(Extracted data entries)
= Beginning of Section =

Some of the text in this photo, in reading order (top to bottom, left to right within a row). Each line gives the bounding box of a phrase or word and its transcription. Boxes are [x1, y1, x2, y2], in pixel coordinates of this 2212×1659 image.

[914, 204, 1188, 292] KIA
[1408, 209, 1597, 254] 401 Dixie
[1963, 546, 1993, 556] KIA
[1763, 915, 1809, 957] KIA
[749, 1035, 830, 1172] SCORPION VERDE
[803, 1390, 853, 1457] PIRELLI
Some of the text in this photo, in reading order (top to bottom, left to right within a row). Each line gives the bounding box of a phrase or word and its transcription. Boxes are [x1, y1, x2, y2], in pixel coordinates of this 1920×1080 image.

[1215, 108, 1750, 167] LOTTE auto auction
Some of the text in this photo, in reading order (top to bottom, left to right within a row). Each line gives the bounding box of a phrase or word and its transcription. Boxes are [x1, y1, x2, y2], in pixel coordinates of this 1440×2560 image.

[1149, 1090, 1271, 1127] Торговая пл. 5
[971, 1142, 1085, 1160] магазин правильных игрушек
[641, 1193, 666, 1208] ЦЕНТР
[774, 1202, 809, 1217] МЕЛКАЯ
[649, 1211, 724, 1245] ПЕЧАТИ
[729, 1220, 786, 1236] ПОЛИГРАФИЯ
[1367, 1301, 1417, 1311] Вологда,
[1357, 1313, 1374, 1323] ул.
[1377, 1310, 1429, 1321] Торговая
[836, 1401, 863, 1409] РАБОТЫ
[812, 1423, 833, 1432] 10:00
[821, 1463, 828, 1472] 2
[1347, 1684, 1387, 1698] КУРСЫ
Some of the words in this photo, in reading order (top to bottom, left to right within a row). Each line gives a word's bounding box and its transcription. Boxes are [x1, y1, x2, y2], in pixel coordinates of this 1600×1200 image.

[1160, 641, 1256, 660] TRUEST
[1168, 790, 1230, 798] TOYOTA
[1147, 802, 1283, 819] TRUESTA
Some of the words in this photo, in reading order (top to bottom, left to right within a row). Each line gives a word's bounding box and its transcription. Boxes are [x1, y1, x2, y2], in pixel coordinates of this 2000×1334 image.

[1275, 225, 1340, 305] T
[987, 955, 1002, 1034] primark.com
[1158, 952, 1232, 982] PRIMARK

= End of Section =

## What to produce
The records above must be restated. Preserve every word.

## Solved problem
Some of the text in this photo, in reading order (top to bottom, left to right within a row). Each line gives the bounding box of a phrase or word and its transcription. Boxes are [x1, y1, x2, y2], in pixel coordinates of this 2212×1659 image.

[914, 204, 1188, 292] KIA
[1408, 209, 1597, 254] 401 Dixie
[1963, 546, 1993, 556] KIA
[1763, 915, 1809, 957] KIA
[749, 1035, 830, 1172] SCORPION VERDE
[803, 1390, 853, 1457] PIRELLI
Some of the text in this photo, in reading order (top to bottom, left to right within a row). Each line gives the bounding box of a phrase or word and its transcription. Boxes are [x1, y1, x2, y2], in pixel coordinates of this 1920×1080 image.

[1215, 108, 1750, 167] LOTTE auto auction
Some of the text in this photo, in reading order (top to bottom, left to right within a row). Each line gives the bounding box of a phrase or word and its transcription. Boxes are [x1, y1, x2, y2], in pixel coordinates of this 1440×2560 image.

[1149, 1090, 1271, 1127] Торговая пл. 5
[971, 1142, 1085, 1160] магазин правильных игрушек
[641, 1193, 666, 1208] ЦЕНТР
[774, 1202, 809, 1217] МЕЛКАЯ
[649, 1211, 724, 1245] ПЕЧАТИ
[729, 1220, 786, 1236] ПОЛИГРАФИЯ
[1367, 1301, 1417, 1311] Вологда,
[1357, 1313, 1374, 1323] ул.
[1377, 1310, 1429, 1321] Торговая
[836, 1401, 863, 1409] РАБОТЫ
[812, 1423, 833, 1432] 10:00
[821, 1463, 828, 1472] 2
[1347, 1684, 1387, 1698] КУРСЫ
Some of the words in this photo, in reading order (top to bottom, left to right within a row). Each line gives a word's bounding box and its transcription. Boxes are [x1, y1, x2, y2], in pixel coordinates of this 1600×1200 image.

[1160, 641, 1256, 660] TRUEST
[1168, 790, 1230, 798] TOYOTA
[1147, 802, 1283, 819] TRUESTA
Some of the words in this photo, in reading order (top to bottom, left to right within a row). Each line gives a word's bounding box and its transcription. Boxes are [x1, y1, x2, y2], in pixel coordinates of this 2000×1334 image.

[1275, 225, 1340, 305] T
[987, 955, 1002, 1034] primark.com
[1158, 952, 1232, 982] PRIMARK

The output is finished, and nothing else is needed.